I liked my previous post on why I don’t think the shingles vaccine (actually our previous shingles vaccine, Zostavax, rather than the present one, Shingrix) does not prevent dementia, despite a Nature article and coverage pretty much everywhere to the contrary. I stand by my conclusions.
However, a couple of astute readers, one in the comments and one email, called me out for a bit of an unintentional sleight of hand in the math. It was unintentional, but I want to set the record straight.
One of the reasons that I argued that the results of this study was misleading was that the vaccine seemed to reduce the risk of dementia by more than it did shingles. This was kind of a mistake. I’ll quote the important lines from the article.
With regard to shingles:
When calculating the effect of actually receiving the zoster vaccine, we find a reduction in the probability of having at least one shingles diagnosis of 2.3 (95% CI = 0.5–3.9; P = 0.011) percentage points over the seven-year follow-up period; an effect (37.2% (95% CI = 19.7–54.7) in relative terms) that is similar in size to that observed in clinical trials of the live-attenuated zoster vaccine (Zostavax).
With regard to dementia:
…we find that actually receiving the zoster vaccine reduced the probability of a new dementia diagnosis by 3.5 (95% CI = 0.6–7.1; P = 0.019) percentage points, corresponding to a relative reduction of 20.0% (95% CI = 6.5–33.4).

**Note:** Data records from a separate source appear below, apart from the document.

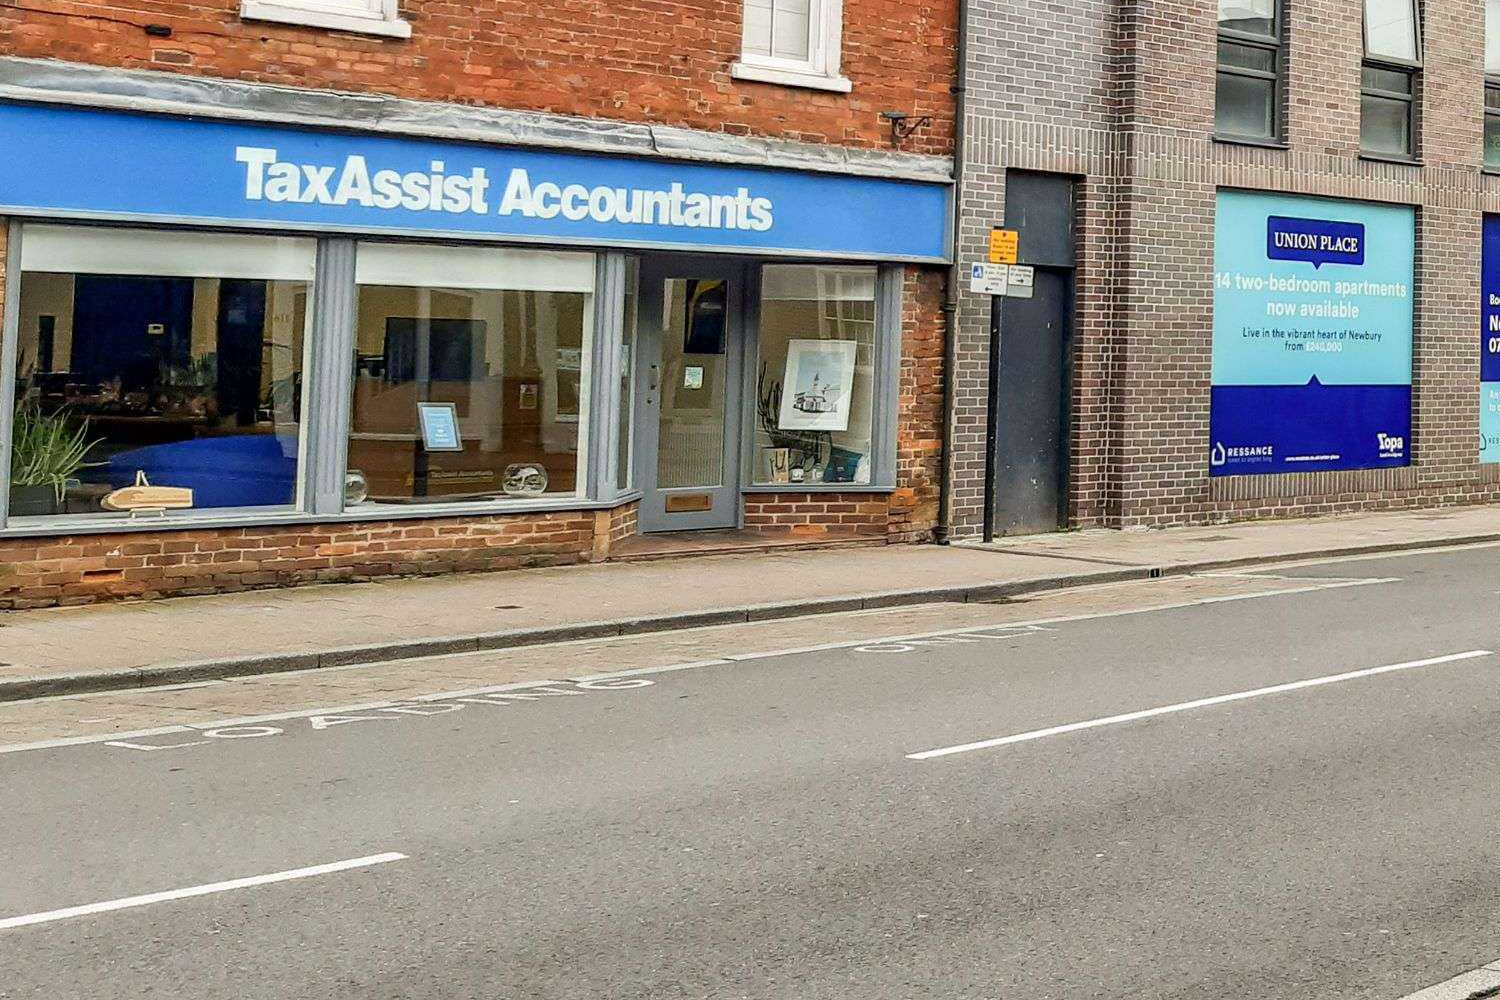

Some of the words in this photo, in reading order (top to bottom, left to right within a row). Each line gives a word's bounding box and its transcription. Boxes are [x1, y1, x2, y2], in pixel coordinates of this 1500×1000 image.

[235, 146, 490, 216] TaxAssist
[498, 168, 774, 232] Accountants
[1274, 231, 1318, 250] UNION
[1320, 233, 1358, 253] PLACE
[1215, 271, 1232, 289] 14
[1235, 274, 1331, 293] two-bedroom
[1334, 279, 1407, 298] apartments
[1266, 301, 1296, 317] now
[1299, 300, 1360, 318] available
[1242, 327, 1260, 338] Live
[1261, 328, 1270, 338] in
[1272, 328, 1285, 338] the
[1287, 328, 1315, 340] vibrant
[1317, 330, 1337, 340] heart
[1339, 329, 1347, 340] of
[1348, 330, 1383, 343] Newbury
[1284, 340, 1304, 351] from
[1227, 446, 1273, 457] RESSANCE
[1376, 432, 1404, 452] Yopa
[103, 678, 656, 752] LOADING

When I made my statement that the vaccine was more effective at preventing dementia than shingles, I was comparing absolute risk reductions (ARR), 3.5% for dementia vs. 2.3 for shingles.

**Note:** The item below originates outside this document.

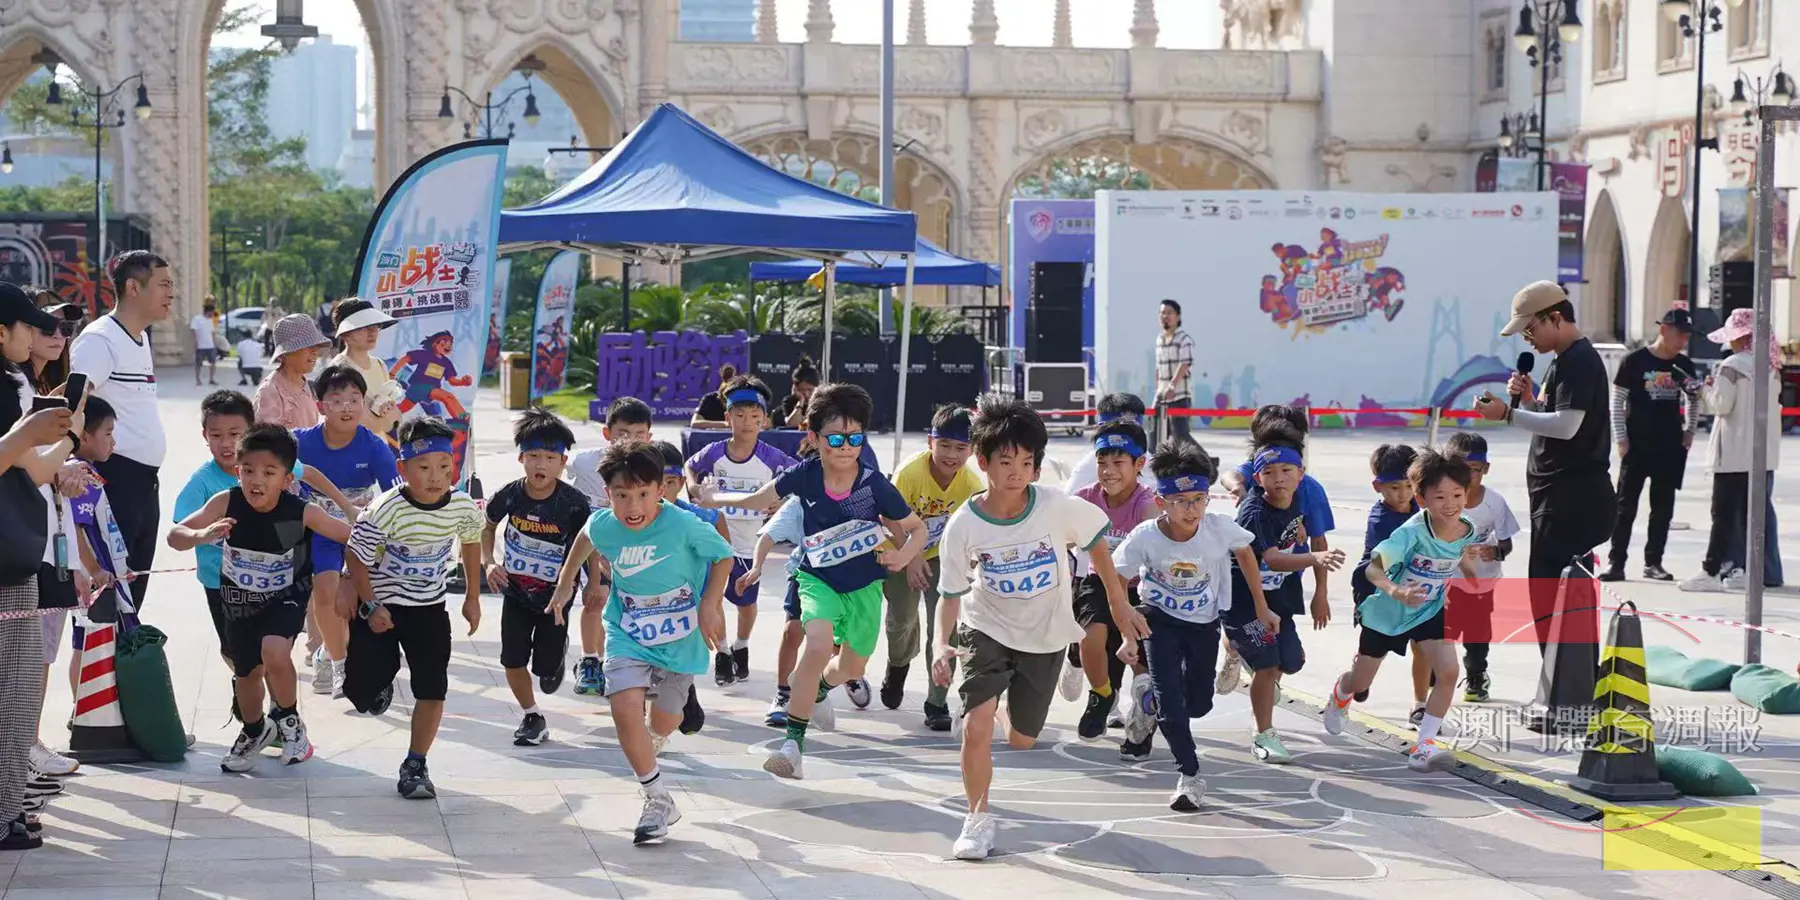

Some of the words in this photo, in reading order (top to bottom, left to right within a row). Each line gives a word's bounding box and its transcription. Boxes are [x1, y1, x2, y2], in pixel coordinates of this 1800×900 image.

Clinically, the ARR is generally more important than the relative risk reduction (RRR), so I usually focus on that number.
Here, however, because the baseline rates of shingles and dementia are different, I should have highlighted the RRR, a number that argues that the vaccine is more effective at preventing shingles than dementia.
My conclusions don’t change, given all the other reasons I listed, but I wanted to make sure I was not guilty of anything like what I was blaming others for. Kudos to the readers who called me on this; I’ll be reaching out to send you one of our coveted t-shirts.
With regard to the recommendation to take the shingles vaccine, it appears that in the NEJM article, the incidence of post-herpetic neuralgia in those over 70 was 0.01% in the vaccine group vs 0.09% in the placebo group over 3.8 yrs. That's an NNT of 1,250. Pretty slim benefit.
The numbers for shingles itself are somewhat better, but there you're preventing a nuisance, not a lot-term morbidity.
Not sure why Dr. Cifu is so enthusiastic about pt's over 50 all taking the shingles vaccine, "full stop."
Keep in mind that they made an active effort not to use the actual receipt of Zostavax in their analyses. At no point in their analysis do they separate groups based on actual vaccine receipt. Both in the case of dementia and in the case of zoster, they note a reduction in the overall incidence based on the magnitude of the regression discontinuity, and then divide by the fractional overall uptake of the vaccine to multiply the "scaled" effect to account for the incomplete uptake.
As I wrote before, this leads to the counter-intuitive result that the lower the vaccine uptake, the higher the scaled effect becomes. If something else caused the effect - chance or an unsuspected outside influence - this technique would not only fail to find that, but would be utterly insensitive to it.
This isn't classical epidemiology at all, so ARR and RRR aren't meaningful in the usual sense. This is handwaving algebra dressed in fancy doctor clothes and pretending to belong at the party.